A mirror is a piece of glass, buffed until it reflects everything your mind is capable of seeing through a combination of cones and light and filters and marks left on your waistline from where your jeans spent all day pressing against your belly button, reminding you that you exist — and that there are consequences to existing.
I’ve felt this way before, when I was much younger. My first period came when I was 11 years old. By the time I was in fifth grade, I was taller and wider than all of the boys and girls in my class.
I nestled my pain into loud music. T-shirts with anarchy symbols and ripped jeans and Converse with my favorite lyrics scrawled on the inner sole.
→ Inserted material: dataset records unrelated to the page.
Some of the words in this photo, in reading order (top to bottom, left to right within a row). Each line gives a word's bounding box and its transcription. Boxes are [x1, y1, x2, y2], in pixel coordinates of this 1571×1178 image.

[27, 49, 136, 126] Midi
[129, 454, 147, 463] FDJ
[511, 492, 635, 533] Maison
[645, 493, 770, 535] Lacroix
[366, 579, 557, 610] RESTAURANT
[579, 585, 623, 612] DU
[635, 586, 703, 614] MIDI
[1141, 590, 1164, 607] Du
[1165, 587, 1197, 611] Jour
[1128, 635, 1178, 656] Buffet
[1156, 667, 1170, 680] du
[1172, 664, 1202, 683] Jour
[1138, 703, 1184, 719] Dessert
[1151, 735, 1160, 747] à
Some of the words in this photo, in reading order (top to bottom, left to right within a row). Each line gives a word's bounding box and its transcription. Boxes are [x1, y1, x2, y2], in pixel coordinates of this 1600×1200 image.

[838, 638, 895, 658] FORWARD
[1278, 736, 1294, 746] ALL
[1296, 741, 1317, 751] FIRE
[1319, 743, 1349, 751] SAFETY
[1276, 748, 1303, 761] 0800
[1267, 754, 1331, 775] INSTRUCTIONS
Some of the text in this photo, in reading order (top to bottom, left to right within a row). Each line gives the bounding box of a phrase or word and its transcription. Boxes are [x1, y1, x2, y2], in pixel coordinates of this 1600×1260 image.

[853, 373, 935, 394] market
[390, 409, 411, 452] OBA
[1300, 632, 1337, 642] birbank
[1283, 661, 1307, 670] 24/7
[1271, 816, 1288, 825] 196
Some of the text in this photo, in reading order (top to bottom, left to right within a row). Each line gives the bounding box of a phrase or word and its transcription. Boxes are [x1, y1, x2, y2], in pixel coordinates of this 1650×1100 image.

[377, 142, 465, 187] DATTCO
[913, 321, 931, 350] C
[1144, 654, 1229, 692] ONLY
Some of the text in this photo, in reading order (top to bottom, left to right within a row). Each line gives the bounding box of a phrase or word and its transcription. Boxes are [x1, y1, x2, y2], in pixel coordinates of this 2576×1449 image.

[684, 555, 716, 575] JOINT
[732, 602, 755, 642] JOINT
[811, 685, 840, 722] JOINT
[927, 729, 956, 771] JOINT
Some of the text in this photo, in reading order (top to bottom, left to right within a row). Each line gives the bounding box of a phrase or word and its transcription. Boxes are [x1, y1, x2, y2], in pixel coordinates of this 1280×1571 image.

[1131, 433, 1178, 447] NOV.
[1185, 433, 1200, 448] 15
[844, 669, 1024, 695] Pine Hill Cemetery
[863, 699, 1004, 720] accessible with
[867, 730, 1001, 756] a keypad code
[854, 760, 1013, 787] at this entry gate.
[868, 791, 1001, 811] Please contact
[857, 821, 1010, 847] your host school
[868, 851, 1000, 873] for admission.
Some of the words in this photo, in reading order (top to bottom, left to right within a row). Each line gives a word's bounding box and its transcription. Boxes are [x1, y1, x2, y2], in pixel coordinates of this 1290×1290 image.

I even convinced my parents to let me buy the semi-semi-temporary purple hair dye that one time, so on sunny days at recess, you could see flecks of maroon in my hair. I embraced my braces and decorated them with lime green rubber bands. The state of the body beneath these things did not matter to me. It was merely a canvas for a larger vision of myself, one that transcended thighs and folds of skin.
That time is now over. I am 25 and my BMI is 24. I recently reviewed the DSM guidelines for anorexia nervosa and was a bit sad to see I didn’t meet the criteria. At least it would provide some explanation for my current state. Unfortunately, for all of my internal warfare, I can’t seem to lose any weight. If anything, the more I think about food the more I want to eat it. Food is delicious, it is beautiful, it is everything to me. Flavors rolling over my tongue and marking the points in my day. Giving me rhythms and comforts to look forward to. Cheese and bread and ice cream. Though I know I am taking in calories, I don’t feel it’s the food that betrays me. The food is good. It is my body that is bad, for refusing to conform to my ideal of its own will.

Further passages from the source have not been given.